On the other hand, decreased activity of CD36 will lead to higher lipid levels in the blood and result in atherosclerosis – a disease in which plaques of lipids build on the walls of vessels. Atherosclerosis is the primary risk factors for heart attack, which causes around 800,000 deaths annually in the U.S. alone. Thus, early life exposure to this environmental chemical may completely reprogram lifelong health trajectory.
Studies published by other laboratories confirm that PBDEs disrupt lipid metabolism in rats and increase risk of nonalcoholic fatty liver disease in mice exposed during early steps of development.
Still at risk?
PBDEs were banned in Europe by 2008 and voluntarily withdrawn by industry in North America by 2013. It is likely that PBDEs’ production ceased all over the world, although data are missing for many regions. However these chemicals are still present in products used in U.S. households and cars. PBDEs are very stable compounds. Once released into the environment, they accumulate in sediments and in fatty tissues of wildlife and humans and stay there for many years. For example, the half-life of different PBDEs in the human body is between one and seven years. In the environment they found their way to fatty tissues of animals, many of which represent important sources of food for us.

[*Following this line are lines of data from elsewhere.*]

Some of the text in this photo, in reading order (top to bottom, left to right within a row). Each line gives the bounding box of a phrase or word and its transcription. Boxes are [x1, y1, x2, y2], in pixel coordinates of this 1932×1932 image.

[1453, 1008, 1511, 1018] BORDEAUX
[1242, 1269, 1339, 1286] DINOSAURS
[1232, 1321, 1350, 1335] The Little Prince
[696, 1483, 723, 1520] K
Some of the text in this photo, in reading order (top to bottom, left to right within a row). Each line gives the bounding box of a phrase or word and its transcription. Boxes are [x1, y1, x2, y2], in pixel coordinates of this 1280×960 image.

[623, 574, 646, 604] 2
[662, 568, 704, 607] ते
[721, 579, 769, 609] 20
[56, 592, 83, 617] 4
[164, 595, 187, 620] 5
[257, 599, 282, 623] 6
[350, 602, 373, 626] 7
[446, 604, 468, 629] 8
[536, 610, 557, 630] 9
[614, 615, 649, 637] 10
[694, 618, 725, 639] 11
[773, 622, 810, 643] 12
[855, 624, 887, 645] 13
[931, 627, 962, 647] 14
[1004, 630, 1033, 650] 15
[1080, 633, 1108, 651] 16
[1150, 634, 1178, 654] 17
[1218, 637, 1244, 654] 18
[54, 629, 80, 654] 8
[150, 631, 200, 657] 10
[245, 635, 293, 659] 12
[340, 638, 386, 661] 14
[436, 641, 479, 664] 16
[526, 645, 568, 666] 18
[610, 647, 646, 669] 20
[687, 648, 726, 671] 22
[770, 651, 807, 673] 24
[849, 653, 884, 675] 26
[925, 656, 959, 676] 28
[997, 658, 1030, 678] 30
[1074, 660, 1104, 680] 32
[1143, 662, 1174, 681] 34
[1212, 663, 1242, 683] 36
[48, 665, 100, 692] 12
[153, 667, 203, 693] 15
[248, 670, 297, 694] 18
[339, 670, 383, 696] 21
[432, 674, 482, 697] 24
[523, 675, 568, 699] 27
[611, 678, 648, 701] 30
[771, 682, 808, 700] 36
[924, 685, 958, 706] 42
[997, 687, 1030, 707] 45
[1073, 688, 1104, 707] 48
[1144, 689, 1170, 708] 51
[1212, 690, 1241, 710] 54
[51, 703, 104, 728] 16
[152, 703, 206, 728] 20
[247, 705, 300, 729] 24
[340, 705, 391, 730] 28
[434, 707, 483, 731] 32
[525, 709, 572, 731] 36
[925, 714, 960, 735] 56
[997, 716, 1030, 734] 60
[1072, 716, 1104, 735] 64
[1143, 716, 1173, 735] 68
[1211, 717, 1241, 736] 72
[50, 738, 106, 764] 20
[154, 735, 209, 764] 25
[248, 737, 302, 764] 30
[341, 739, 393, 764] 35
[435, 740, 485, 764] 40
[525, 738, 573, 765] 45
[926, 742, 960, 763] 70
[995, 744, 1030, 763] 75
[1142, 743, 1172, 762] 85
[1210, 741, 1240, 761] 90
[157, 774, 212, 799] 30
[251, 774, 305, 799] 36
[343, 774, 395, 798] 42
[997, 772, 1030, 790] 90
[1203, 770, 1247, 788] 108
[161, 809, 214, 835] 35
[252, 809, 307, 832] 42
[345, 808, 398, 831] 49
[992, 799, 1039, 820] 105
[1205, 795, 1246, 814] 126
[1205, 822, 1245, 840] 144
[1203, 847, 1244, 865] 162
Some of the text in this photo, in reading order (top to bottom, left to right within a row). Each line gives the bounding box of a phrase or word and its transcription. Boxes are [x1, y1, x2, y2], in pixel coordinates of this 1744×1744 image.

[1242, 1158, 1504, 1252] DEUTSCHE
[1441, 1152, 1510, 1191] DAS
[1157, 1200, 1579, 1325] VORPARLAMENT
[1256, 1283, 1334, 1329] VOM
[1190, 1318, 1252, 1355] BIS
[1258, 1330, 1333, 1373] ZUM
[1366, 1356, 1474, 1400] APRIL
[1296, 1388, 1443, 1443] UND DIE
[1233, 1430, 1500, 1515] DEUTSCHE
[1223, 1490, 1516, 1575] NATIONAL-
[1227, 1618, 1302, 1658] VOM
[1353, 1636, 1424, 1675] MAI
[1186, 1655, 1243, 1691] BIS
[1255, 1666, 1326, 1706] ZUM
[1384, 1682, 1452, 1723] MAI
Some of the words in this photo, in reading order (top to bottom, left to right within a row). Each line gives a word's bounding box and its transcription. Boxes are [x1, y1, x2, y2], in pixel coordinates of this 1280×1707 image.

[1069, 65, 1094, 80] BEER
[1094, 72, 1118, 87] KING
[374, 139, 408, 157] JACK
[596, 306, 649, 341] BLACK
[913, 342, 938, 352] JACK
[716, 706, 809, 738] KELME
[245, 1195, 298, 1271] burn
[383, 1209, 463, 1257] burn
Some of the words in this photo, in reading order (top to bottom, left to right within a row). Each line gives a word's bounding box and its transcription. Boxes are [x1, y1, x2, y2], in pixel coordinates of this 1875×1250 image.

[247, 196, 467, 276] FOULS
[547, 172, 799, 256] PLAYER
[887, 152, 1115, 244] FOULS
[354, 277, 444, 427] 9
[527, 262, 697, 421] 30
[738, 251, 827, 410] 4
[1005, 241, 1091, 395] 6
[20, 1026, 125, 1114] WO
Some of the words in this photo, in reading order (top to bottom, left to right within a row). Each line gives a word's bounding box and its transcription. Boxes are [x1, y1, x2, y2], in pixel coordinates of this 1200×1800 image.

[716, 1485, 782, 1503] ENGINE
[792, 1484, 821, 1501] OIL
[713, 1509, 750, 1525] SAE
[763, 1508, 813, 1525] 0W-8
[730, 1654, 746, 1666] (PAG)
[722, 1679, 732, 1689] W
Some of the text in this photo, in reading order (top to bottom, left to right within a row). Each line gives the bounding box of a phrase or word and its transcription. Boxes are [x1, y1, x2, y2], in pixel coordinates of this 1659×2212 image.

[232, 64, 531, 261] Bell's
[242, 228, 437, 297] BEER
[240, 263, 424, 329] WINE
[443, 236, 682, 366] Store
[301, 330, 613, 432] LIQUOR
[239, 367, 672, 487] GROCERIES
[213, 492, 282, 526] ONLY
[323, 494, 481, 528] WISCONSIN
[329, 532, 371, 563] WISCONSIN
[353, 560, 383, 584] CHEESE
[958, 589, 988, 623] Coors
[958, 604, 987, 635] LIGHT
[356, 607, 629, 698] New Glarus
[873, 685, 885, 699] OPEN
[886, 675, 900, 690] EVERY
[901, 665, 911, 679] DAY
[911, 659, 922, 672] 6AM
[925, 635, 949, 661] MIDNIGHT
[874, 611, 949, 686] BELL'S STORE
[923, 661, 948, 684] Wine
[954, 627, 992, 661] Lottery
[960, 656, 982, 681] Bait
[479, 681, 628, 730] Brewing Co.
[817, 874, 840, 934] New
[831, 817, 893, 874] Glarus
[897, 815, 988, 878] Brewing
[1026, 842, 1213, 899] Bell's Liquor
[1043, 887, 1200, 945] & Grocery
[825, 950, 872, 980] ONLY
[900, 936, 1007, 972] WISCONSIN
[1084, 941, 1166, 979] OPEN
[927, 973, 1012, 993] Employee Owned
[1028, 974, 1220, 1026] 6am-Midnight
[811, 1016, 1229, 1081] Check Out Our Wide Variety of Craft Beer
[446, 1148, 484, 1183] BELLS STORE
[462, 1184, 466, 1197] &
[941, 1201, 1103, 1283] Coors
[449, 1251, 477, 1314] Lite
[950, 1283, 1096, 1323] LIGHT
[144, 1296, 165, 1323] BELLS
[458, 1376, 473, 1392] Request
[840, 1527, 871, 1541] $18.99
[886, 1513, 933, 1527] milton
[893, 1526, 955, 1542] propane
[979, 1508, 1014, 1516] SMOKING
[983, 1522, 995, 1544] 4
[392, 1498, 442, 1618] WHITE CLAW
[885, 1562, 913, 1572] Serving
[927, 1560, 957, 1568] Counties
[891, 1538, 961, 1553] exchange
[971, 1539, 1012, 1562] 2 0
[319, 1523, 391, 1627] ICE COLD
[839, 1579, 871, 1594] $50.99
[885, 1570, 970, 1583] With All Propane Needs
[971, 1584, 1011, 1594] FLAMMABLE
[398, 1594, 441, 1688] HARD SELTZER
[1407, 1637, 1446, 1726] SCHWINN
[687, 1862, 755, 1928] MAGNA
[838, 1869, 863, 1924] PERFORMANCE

Although production of PBDEs has ceased in developed countries, some studies report that concentrations of PBDEs in human tissues in the U.S. continue to grow.
People born in the U.S. and Canada during the last 15 to 20 years were exposed during their early life to environmental concentrations of PBDE, comparable to those that reprogrammed lipid metabolism in our experiments with mice. Thus, we believe that about 20 percent of the North American population may be at risk of conditions associated with altered lipid concentrations in blood and liver.
Will these people develop aging-related conditions more readily than previous generations? The answer is yet to come. It is likely that PBDEs are not the only culprit. Many other ubiquitous pollutants, such as polychlorinated biphenyls (PCBs), dioxin (TCDD) and perfluorinated compounds (PFOS, PFNA), are known today to affect CD36 in mice.
It is not yet clear if effects of these other chemicals are as long-lasting as effects of PBDE. It is also not yet clear if effects of chemical exposures observed in mice are the same in humans. Mice are the most widely used animal model for testing the toxicity of pharmaceuticals and industrial chemicals, and animal toxicology studies generally are applicable to humans, although responses of laboratory animals and humans to chemicals may differ in type and severity.